Overwhelming as these thoughts and feelings are, there are some simple ways to overcome them.
An affirmation is something declared to be true, a positive statement or judgement intended to provide encouragement, emotional support or motivation. For women looking to get back to work, saying to them-selves everyday, “I can find a job”, “I do have contacts that I can network with” or “there are companies looking for a person of my profile” can serve as powerful motivational tools.

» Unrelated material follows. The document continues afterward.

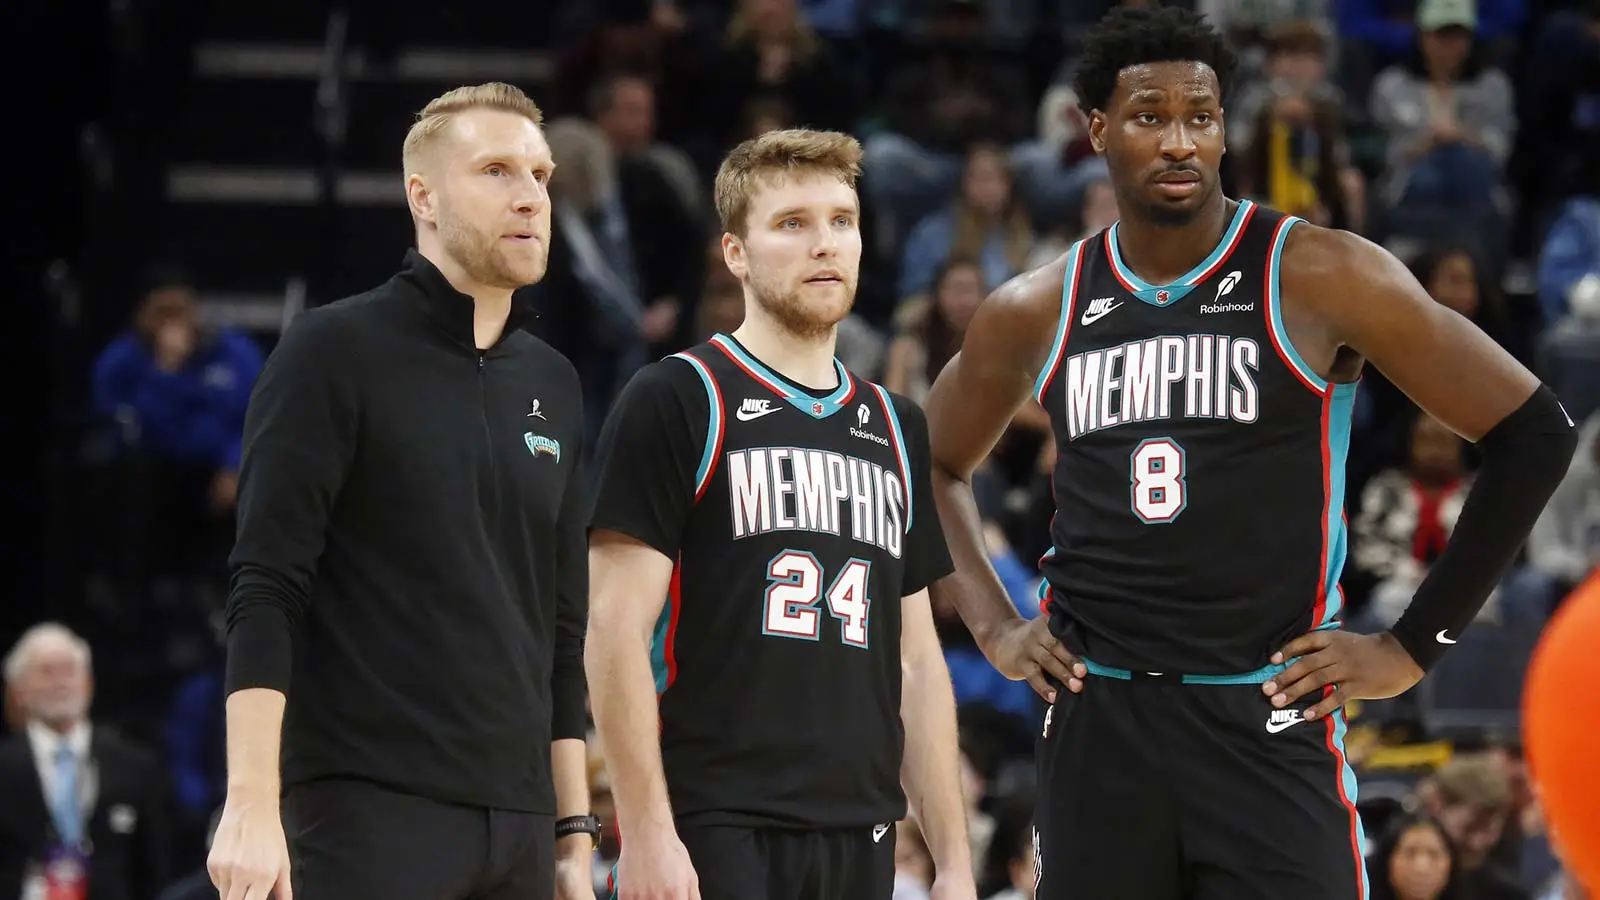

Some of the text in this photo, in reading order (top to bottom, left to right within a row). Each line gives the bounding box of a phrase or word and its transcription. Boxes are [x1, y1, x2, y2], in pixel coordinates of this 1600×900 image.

But, these are not just feel good statements, there is science behind it. Our brains have a reticular activating system (RAS) that acts as a filter for information – unimportant data is filtered out while we are allowed access to information that our brain perceives to be important to us. Imagine two friends walking together – one is hungry while the other is trying to get fit. The hungry person is likely to only notice restaurants while the person trying to get fit will notice the gyms! The way it works is – if you say something to your-self over and over again, it sends a powerful message to your RAS that this is important to you which in turn allows you to notice/ access relevant information from your environment. Many years ago, I knew I had to change my self- perception of being a 'lousy' networker. My affirmations were “I do have a network of contacts”, “ I can get assignments through networking” and “ I have all the skills ofgreat networker”. Over a period of time, I was amazed at the change in my-self – I started to notice networking events, spotted opportunities to introduce my-self and my work and was able to identify potential clients by picking up cues from conversations.
2. The power of questions
I often have women say to me, “I didn't get selected for the job. What's wrong with me?” My response is to encourage them to think of better questions - one that will help them move forward rather than internalize the failure. Questions like 'how could I prepare better/ differently? What skills are the recruiters looking for and do I have them?” While these questions allow for self-reflection, they also leave room to 'fix' the problem
3. Acting “as if”
Traditionally psychologists believed that thinking and feeling precede behavior. But research in the last few years show that behavior can also precede feelings. The logic is simple - do we only laugh when we are happy or can we be happy because we laugh? While this certainly involves some amount of faking, the results can be real. If we behave 'as if' we can perform well in the interview and are in control, we are more likely to be successful than if we wait for success and then act successful!
Each of these tools bestows on us the power to make our own choices. If used and implemented everyday, it can help build positivity within us so we don’t have to depend on others for it. As the writer Anthony J D’angelo says, “wherever you go, no matter what the weather, always bring your own sunshine!"
Archana Bhatia, Key Skills Coach, Hopscotch.